Chuck Palahniuk’s 2001 novel, “Choke,” is an oddly satisfying cocktail of sexual depravity, psychological conundrums and waste food.
When his mentally unstable mother becomes fatally ill, Victor Mancini quits medical school and begins a slightly more lucrative endeavor: pretending to choke in order to have someone save him.
The logic behind Victor’s madness is that when someone saves him, they automatically feel responsible for him and sometimes, his overdue bills.
However, Victor is not tricking his saviors for selfish purposes; he uses all the money he collects in order to pay for his mother’s hospital bills. Ms. Mancini, Victor’s insane mother, who often doesn’t even recognize her own son, is housed in a hospice center and treated by the very inventive, and very pretty, Dr. Marshall.

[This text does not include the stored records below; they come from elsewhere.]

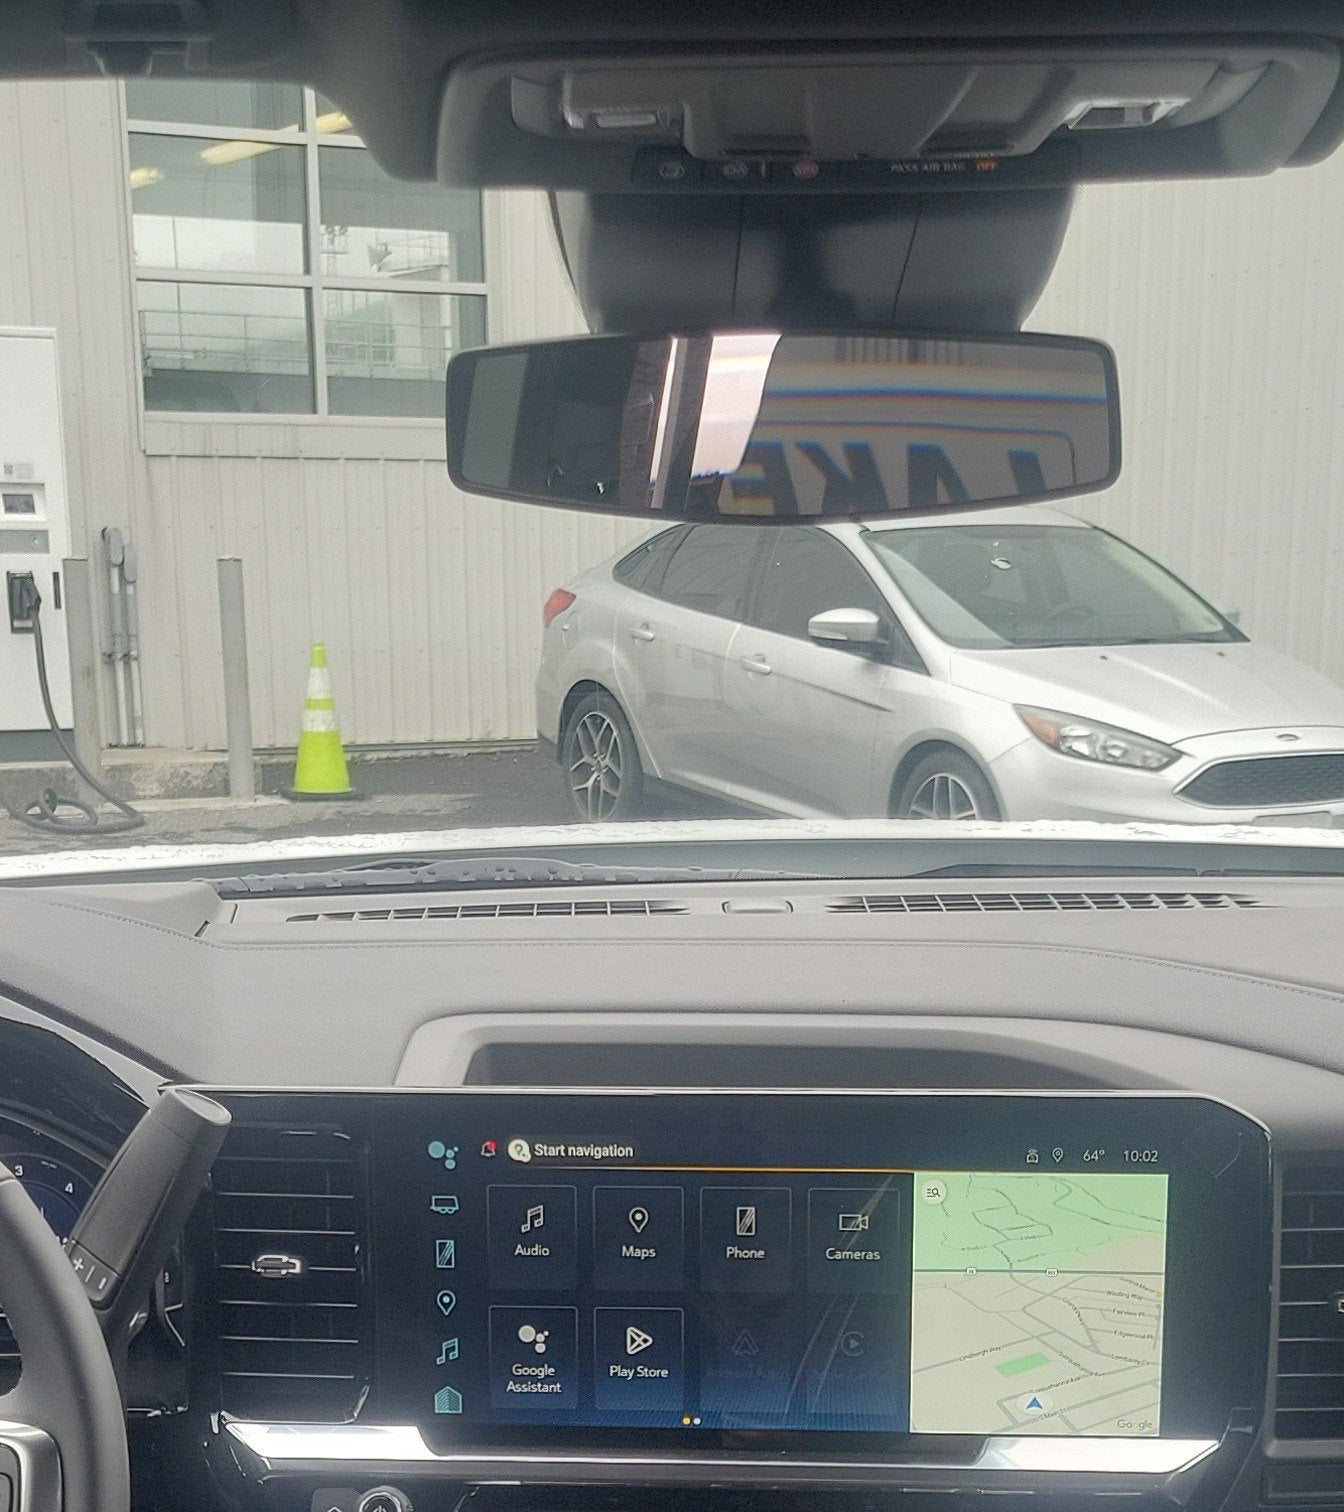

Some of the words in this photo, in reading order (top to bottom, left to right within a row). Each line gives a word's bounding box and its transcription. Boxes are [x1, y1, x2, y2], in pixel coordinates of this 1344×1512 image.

[534, 1143, 565, 1157] Start
[567, 1143, 634, 1158] navigation
[1082, 1149, 1106, 1162] 64°
[1123, 1150, 1158, 1163] 10:02
[14, 1165, 23, 1177] 3
[64, 1182, 74, 1194] 4
[514, 1244, 550, 1256] Audio
[621, 1245, 656, 1260] Maps
[726, 1246, 765, 1259] Phone
[825, 1248, 881, 1260] Cameras
[511, 1364, 556, 1378] Google
[609, 1365, 635, 1380] Play
[636, 1366, 669, 1378] Store
[506, 1381, 562, 1393] Assistant

Victor’s mother is not always shown as a dying woman, but in addition to the first person account of Victor’s story, the novel includes a series of flashbacks, usually involving his mother liberating him from a foster family. When Victor is not dying in public, he is working as a tour guide for a living history museum with his best friend, Denny, or making new friends at sex addicts’ anonymous meetings, where he is fervently avoiding his fourth step.

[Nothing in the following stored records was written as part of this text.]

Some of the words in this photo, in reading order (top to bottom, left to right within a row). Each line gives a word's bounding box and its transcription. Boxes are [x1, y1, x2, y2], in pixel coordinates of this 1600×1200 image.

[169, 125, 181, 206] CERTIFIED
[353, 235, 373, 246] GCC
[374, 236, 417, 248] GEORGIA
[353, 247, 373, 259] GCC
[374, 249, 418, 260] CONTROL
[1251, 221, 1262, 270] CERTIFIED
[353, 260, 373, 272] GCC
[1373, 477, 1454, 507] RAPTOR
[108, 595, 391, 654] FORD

Victor’s story is not one a directional journey and does not necessarily have a distinct beginning, middle, or end but his is a tale of self-sabotaging self-discovery. Like many of Palahniuk’s characters, Victor is often lost in existential thought. He often wonders what the value of his existence is and theories about why he finds it necessary to insert himself into anyone that will allow him to do so.
Unfortunately for the reader, Victor is very much an unlikable character. Because of his unstable childhood, he is unable, and perhaps unwilling, to maintain a healthy or lasting relationship with a woman. He is a manipulative sexist who does not have a plan for his life. Essentially, he is that one guy that everyone regrets dating. Palahniuk, a Washingtonian and alumni of the University of Oregon, is an award winning author whose immense work of literature has inspired three films.
His hobbies include travel observing addiction support groups. Much of the novel is based off of stories that Palahniuk heard while he was in sex addicts’ anonymous meetings, which he frequented as a form of research. Which, as is common knowledge to Palahniuk fans, is also a large part of his most famous novel, and later film, “Fight Club.”